In terms of public health, we have seen how inadequate housing and lack of income has fed into health inequalities and disadvantage being deepened due to COVID-19. Roma people are often vulnerable to being placed in ‘high risk’ health categories due to conditions such as diabetes, anxiety and respiratory issues. COVID-19 adds to the health worries of many families. Similarly, inequalities in education, as well as language and literacy barriers, have proved challenging when delivering key public health messages and tackling isolation and mental health issues. Translation services are scant and largely absent and in the absence of reliable information rumours can take hold (an early one was that COVID-19 spread through household water supplies, so many families spent limited funds on bottled water).

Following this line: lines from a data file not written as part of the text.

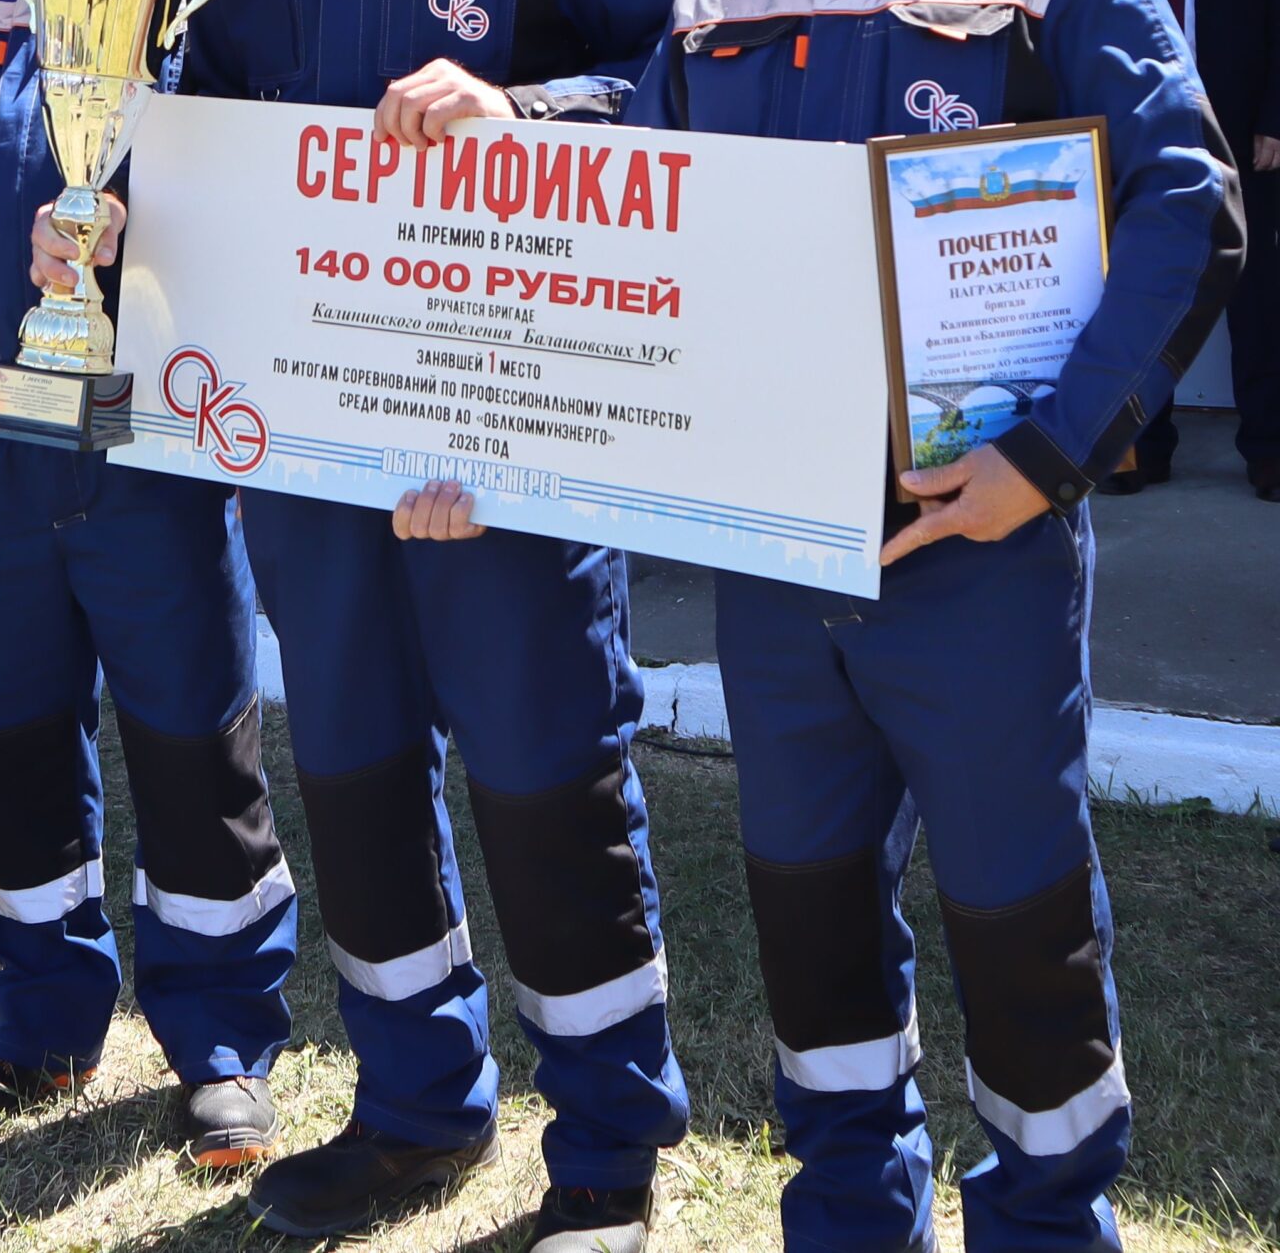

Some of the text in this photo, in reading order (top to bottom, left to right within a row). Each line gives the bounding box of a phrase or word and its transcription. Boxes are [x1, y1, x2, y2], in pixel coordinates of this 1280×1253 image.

[296, 124, 691, 232] СЕРТИФИКАТ
[398, 222, 573, 258] НА ПРЕМИЮ В РАЗМЕРЕ
[938, 226, 1058, 257] ПОЧЕТНАЯ
[296, 247, 680, 318] 140 000 РУБЛЕЙ
[949, 252, 1052, 280] ГРАМОТА
[949, 276, 1061, 299] НАГРАЖДАЕТСЯ
[426, 297, 535, 323] ВРУЧАЕТСЯ БРИГАДЕ
[312, 301, 681, 365] Калининского отделения Балашовских МЭС
[417, 349, 541, 380] ЗАНЯВШЕЙ 1 МЕСТО
[158, 345, 271, 478] ОКЭ
[273, 358, 692, 431] ПО ИТОГАМ СОРЕВНОВАНИЙ ПО ПРОФЕССИОНАЛЬНОМУ МАСТЕРСТВУ
[339, 392, 615, 446] СРЕДИ ФИЛИАЛОВ АО «ОБЛКОММУНЭНЕРГО»
[448, 433, 509, 459] 2026 ГОД
[382, 447, 562, 501] ОБЛКОММУНЭНЕРГО

With regards to education, COVID-19 has had a significant impact on the progress made in recent years in terms of Roma pupil attendance and their attainment levels at local schools. It is here that evidence of digital exclusion has been most evident, with real challenges in terms of online delivery of classes when schools are not open. Lack of access in homes to reliable hardware and affordable broadband connections is a factor, as well as the associated closure of community hubs with such ICT provision. However, one successful initiative was witnessed in September 2020, whereby a grant to provide tablets and WiFi provision to school-age Roma children to support their educational needs was secured. This project was a great success.

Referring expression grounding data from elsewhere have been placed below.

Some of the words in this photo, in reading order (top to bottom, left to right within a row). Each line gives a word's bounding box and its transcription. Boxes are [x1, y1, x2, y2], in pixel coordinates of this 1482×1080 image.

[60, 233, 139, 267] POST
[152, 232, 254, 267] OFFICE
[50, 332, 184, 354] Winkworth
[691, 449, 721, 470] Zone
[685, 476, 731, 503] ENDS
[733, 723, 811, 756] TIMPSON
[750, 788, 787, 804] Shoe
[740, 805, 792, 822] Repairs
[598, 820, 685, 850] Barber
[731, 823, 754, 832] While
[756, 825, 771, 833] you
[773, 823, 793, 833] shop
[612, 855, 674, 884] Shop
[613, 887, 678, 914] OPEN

An under-reported factor during recent months has been the extent to which many members of the Roma Communities in Govanhill have been employed as key workers during the pandemic, often without adequate PPE. This lack of public recognition was telling. Despite this, levels of poverty have been severe and early incidents of stockpiling of items, for example, did impact hard on communities who were trying to buy scarce essential supplies from local shops. Unfortunately, many Roma workers have not been assisted at all via the furlough scheme, due to their precarious and casualised employment status. Financial insecurity has been rife, not helped by welfare conditionality and social security restrictions.

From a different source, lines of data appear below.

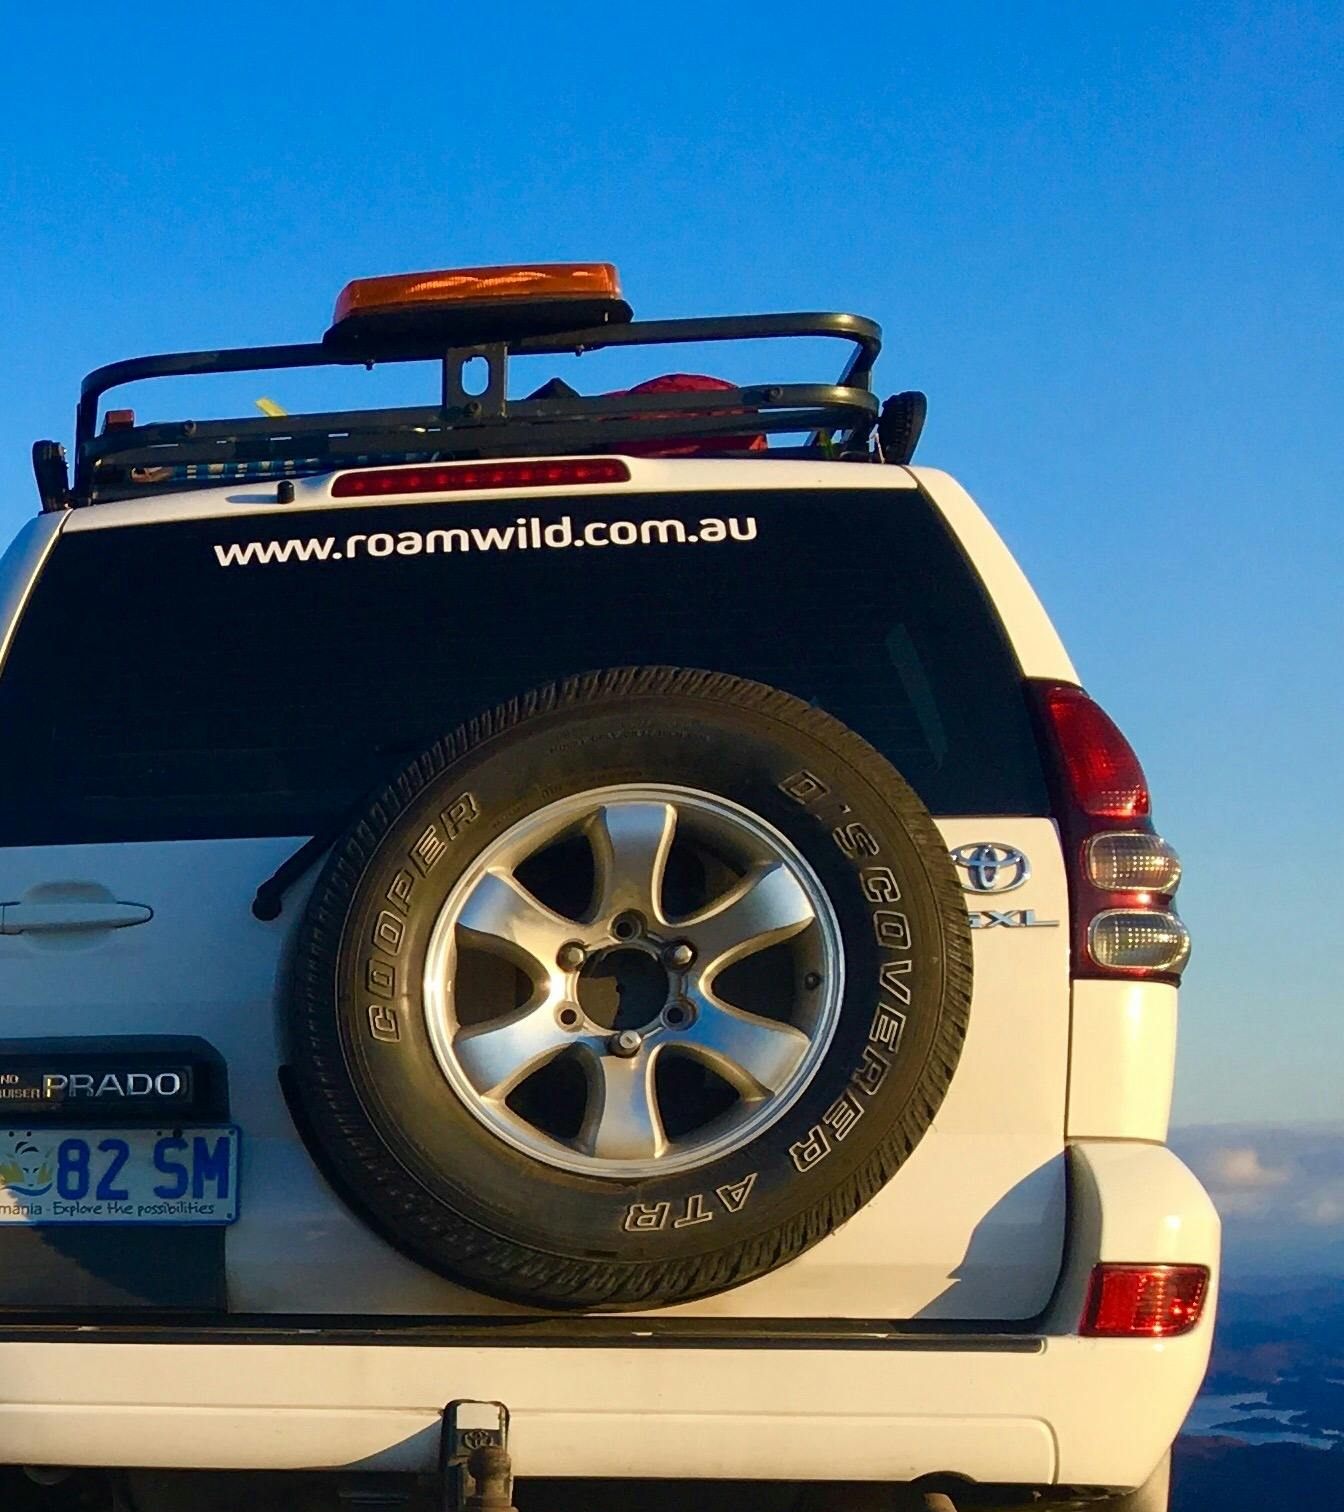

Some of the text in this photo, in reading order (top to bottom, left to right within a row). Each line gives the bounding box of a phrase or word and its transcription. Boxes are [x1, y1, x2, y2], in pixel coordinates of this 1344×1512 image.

[213, 515, 759, 567] www.roamwild.com.au
[367, 791, 481, 1043] COOPER
[42, 1073, 181, 1098] PRADO
[56, 1138, 131, 1200] 82
[153, 1136, 230, 1200] SM
[53, 1201, 103, 1217] Explore
[107, 1201, 132, 1215] the
[137, 1201, 215, 1216] possibilities
[624, 1172, 758, 1232] ATR

Worryingly, we know via the work of Romano Lav that incidents of structural and institutional racism have also been increasing as a result of COVID-19, as well as racist incidents in the Southside and also city centre streets. The aforementioned media coverage has not helped matters in this regard and evidence of hate speech, physical attacks and discrimination have been reported to Romano Lav staff and volunteers over the last few months. In much of this, the shadow of Brexit has loomed large, as much as COVID-19. Inaccurate and inflammatory newspaper reporting has led to racialised scapegoating and has illustrated that the early claims of the virus ‘not discriminating’ to be untrue. As mentioned, COVID-19 related deaths in the Romanian Roma community have sadly occurred and this has caused fear and panic about symptoms and self-isolating, as well as incidents of families effectively evacuating Glasgow in order to return to the safety of home in Romania.

Taken together, the evidence of the last few months seems to indicate that the Roma communities in Glasgow are doing their best in very difficult circumstances. The virus has served to bring to the surface the existence of racialised faultlines in how services, cultural provision and public policy measures are implemented unevenly in crisis situations. This should concern us all, especially at a time when we are beginning to imagine a post-virus future where cultural events, festivals and community celebrations might start up again. However, the serious social policy issues that COVID-19 has rendered visible will take many months and years to change as these come in addition to already existing social and economic inequalities.